In most colonies, slaves were sold in lots. An announcement was sent to the local planters. The sale could take place on the ship or on land. There were several selling techniques such as auctions or scramble. The colonies that imported the most slaves were Brazil followed by the West Indies.

After the sale, the slaves were subjected to a sort of "training" (a period of acclimatization called seasoning by the Anglo-Saxon slavers). Cut off from their roots (they were separated from their family, their ethnic group, their linguistic group, they were given a new name), they had to get used to the particular conditions of the country (learning the language, social life on the plantations, forced learning of religion, etc.) and the working conditions. Totally de-socialized, they had to reinvent community ties that could no longer be those of Africa and create immaterial goods (prayer, spirituality, music through work songs that are at the origin of negro spirituals and gospel songs).

Sugar cane, where productivity and profitability can be maximized, is the crop that consumes the most slaves and wears them out the fastest. Planters assigned the youngest slaves to this crop, who were whipped when productivity slowed.

It was with the sugar revolution in America that the trade became so extensive. According to the American economist Robert Fogel (1926-2013), "between 60 and 70 percent of all Africans who survived the Atlantic crossing ended up in one or another of the .

The sugar revolution began in Brazil in the 1600s, and then spread to the Caribbean from the third third of the 17th century. Lacking Amerindian slaves, the Portuguese began importing slaves from Africa in the late 16th century. This encouraged miscegenation, while some escaped slaves founded quilombos. Around 1580, fugitive slaves started a millenarian and syncretic movement, influenced by Christianity, in the Bay of All Saints, Bahia: the Santidade de Jaguaripe was suppressed with the help of the Jesuits and the Roman Inquisition.

The large plantations (fazendas) cultivated for export. The work is simpler than for tobacco or cotton. Slaves cut the cane with machetes before transporting it by oxcart to the mills.

The typical plantation, with an area of 375 hectares, included 120 slaves, 40 oxen, a large house, commons and huts for the slaves.

At the end of the eighteenth century, the culture of coffee was developing.

Research by Quebec historian Marcel Trudel on 1,587 slaves whose age at death is known gives an average age of death for slaves in Quebec of 19.3 years between 1730 and 1800.
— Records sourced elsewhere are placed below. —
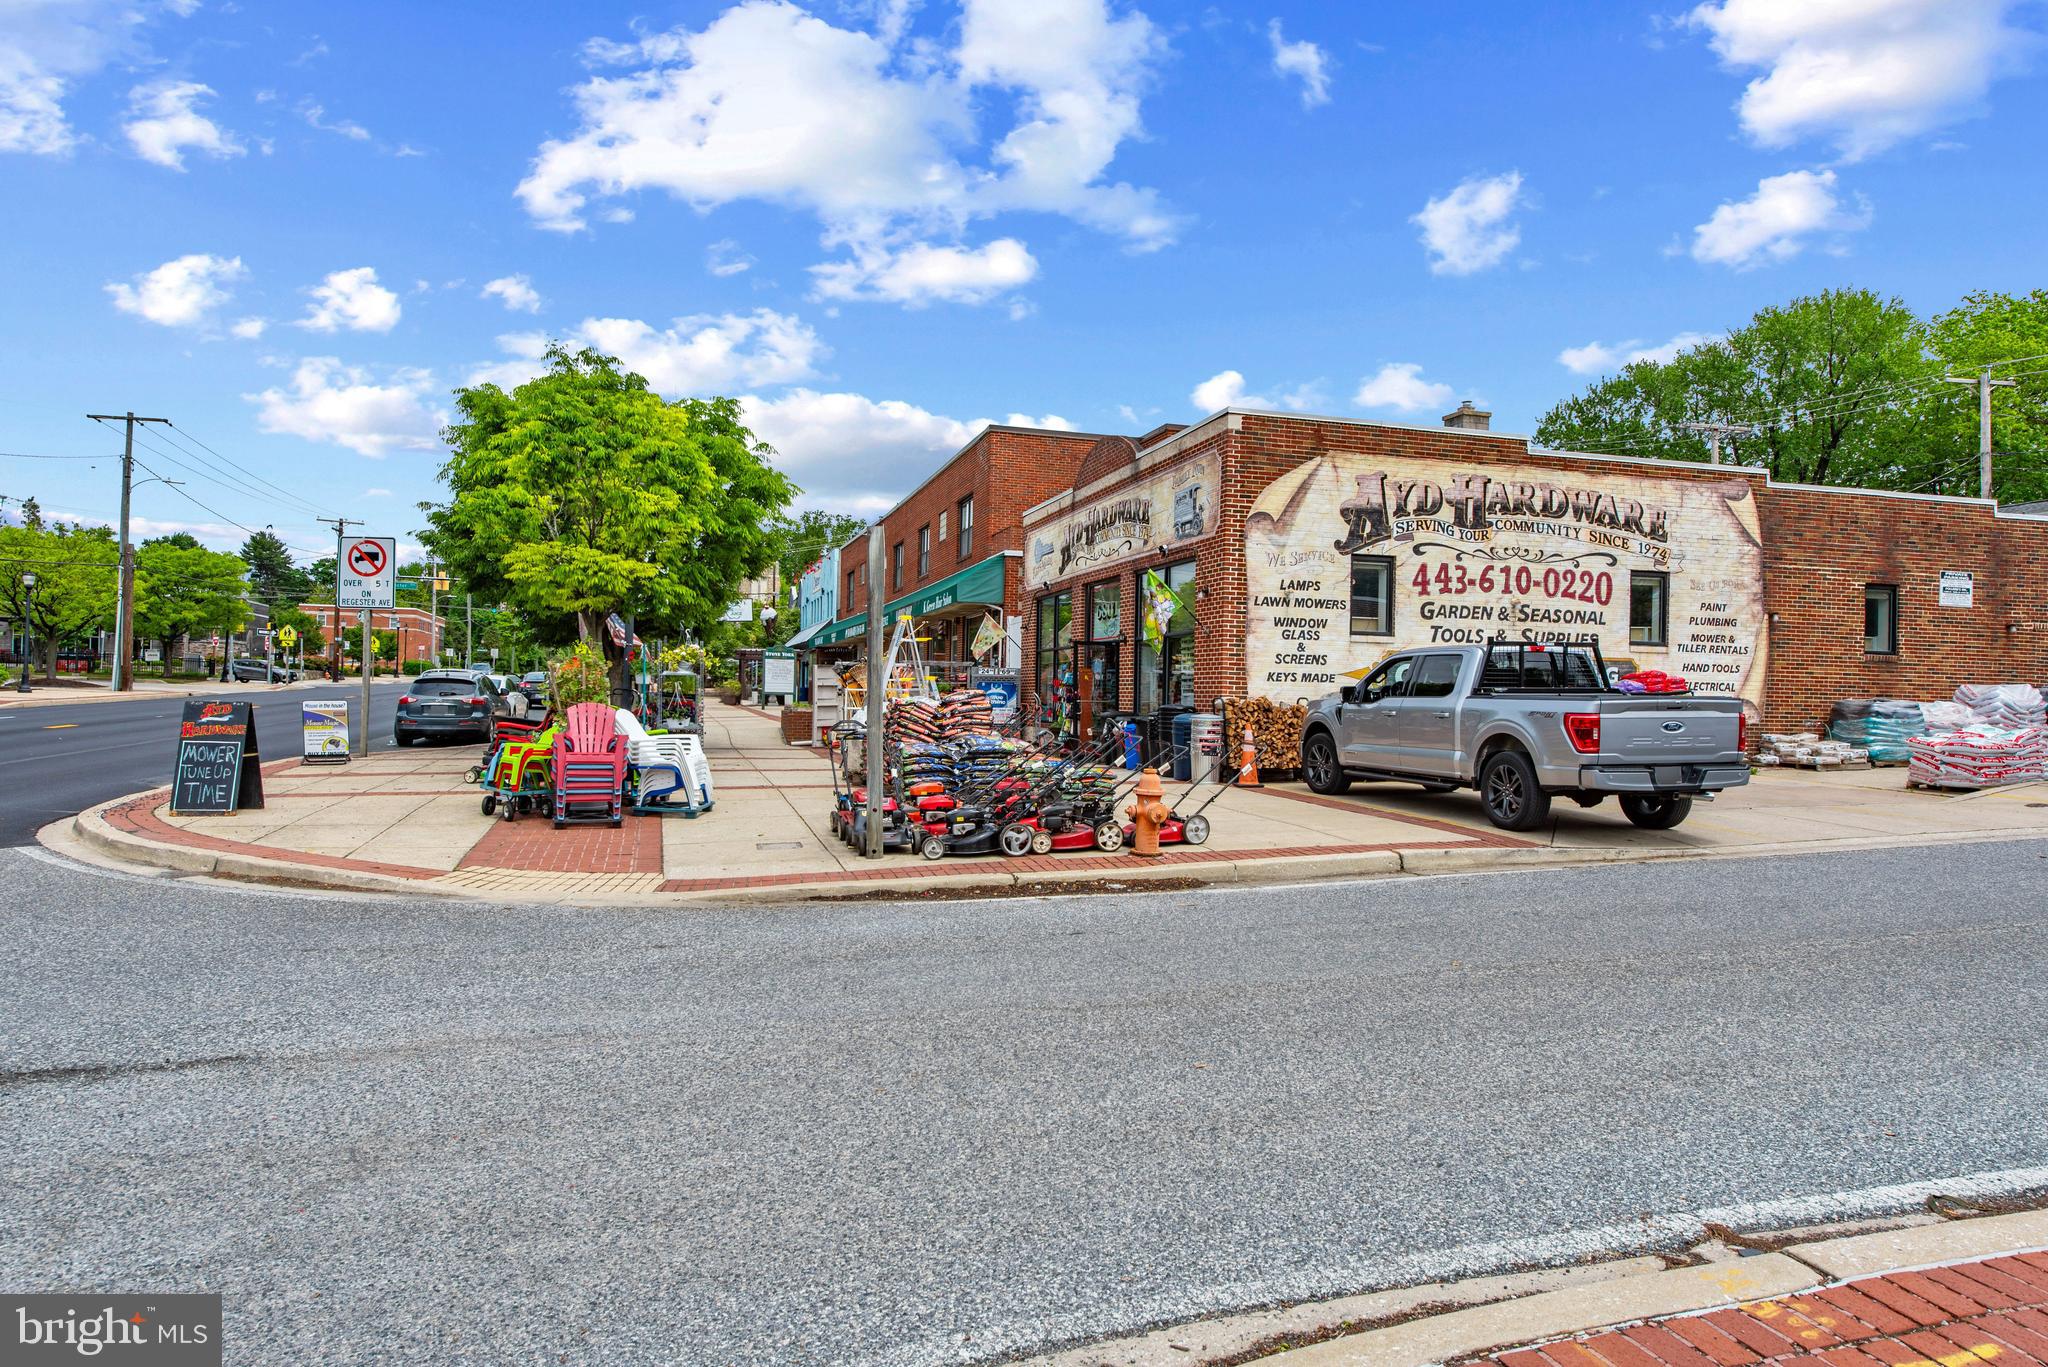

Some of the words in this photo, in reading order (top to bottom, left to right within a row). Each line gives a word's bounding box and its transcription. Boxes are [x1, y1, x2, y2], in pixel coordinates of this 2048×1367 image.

[1334, 470, 1444, 556] AYD
[1445, 473, 1669, 544] HARDWARE
[1059, 521, 1084, 576] AYD
[1084, 496, 1151, 547] HARDWARE
[1395, 519, 1455, 538] SERVING
[1459, 528, 1490, 542] YOUR
[1494, 518, 1582, 540] COMMUNITY
[1589, 530, 1630, 550] SINCE
[1638, 542, 1668, 562] 1974
[343, 579, 363, 587] OVER
[375, 580, 381, 588] 5
[385, 580, 390, 588] T
[1279, 579, 1321, 592] LAMPS
[1412, 561, 1614, 607] 443-610-0220
[361, 590, 372, 598] ON
[341, 598, 376, 606] REGESTER
[378, 599, 391, 607] AVE
[1253, 595, 1291, 608] LAWN
[1293, 597, 1347, 610] MOWERS
[1699, 602, 1728, 613] PAINT
[1420, 601, 1494, 621] GARDEN
[1497, 606, 1510, 622] &
[1517, 604, 1607, 626] SEASONAL
[1273, 616, 1329, 629] WINDOW
[1688, 616, 1738, 628] PLUMBING
[1281, 629, 1321, 641] GLASS
[1429, 625, 1485, 644] TOOLS
[1495, 628, 1508, 641] &
[1521, 628, 1600, 643] SUPPLIES
[1690, 633, 1726, 644] MOWER
[1728, 635, 1736, 644] &
[1296, 642, 1306, 652] &
[1677, 643, 1707, 654] TILLER
[1708, 645, 1749, 655] RENTALS
[1274, 653, 1328, 666] SCREENS
[1681, 662, 1710, 673] HAND
[1711, 663, 1741, 674] TOOLS
[1266, 671, 1298, 683] KEYS
[1300, 672, 1336, 684] MADE
[181, 721, 247, 738] HARDWARE
[183, 744, 236, 765] MOWER
[181, 763, 213, 780] TUNE
[213, 764, 232, 779] UP
[184, 781, 227, 805] TIME
The slaves in the plantations of the eighteenth century

In the eighteenth century, on French sugar plantations, it is often believed that most slaves were uniformly subjected to treatment of such gratuitous cruelty as to be beyond comprehension. However, it would be against the interests of the master to damage his work tool, especially since he often had to buy them at a high price. The master therefore kept an eye on the health of the slaves. The Black Code also regulated the treatment of captives. Thus, the masters were obliged to educate and evangelize the slaves. On the other hand, it also provided for a range of corporal punishments (amputation, execution).

The moguls, or new arrivals, were not immediately put to work. For a maximum of six months, they were put aside to acclimatize.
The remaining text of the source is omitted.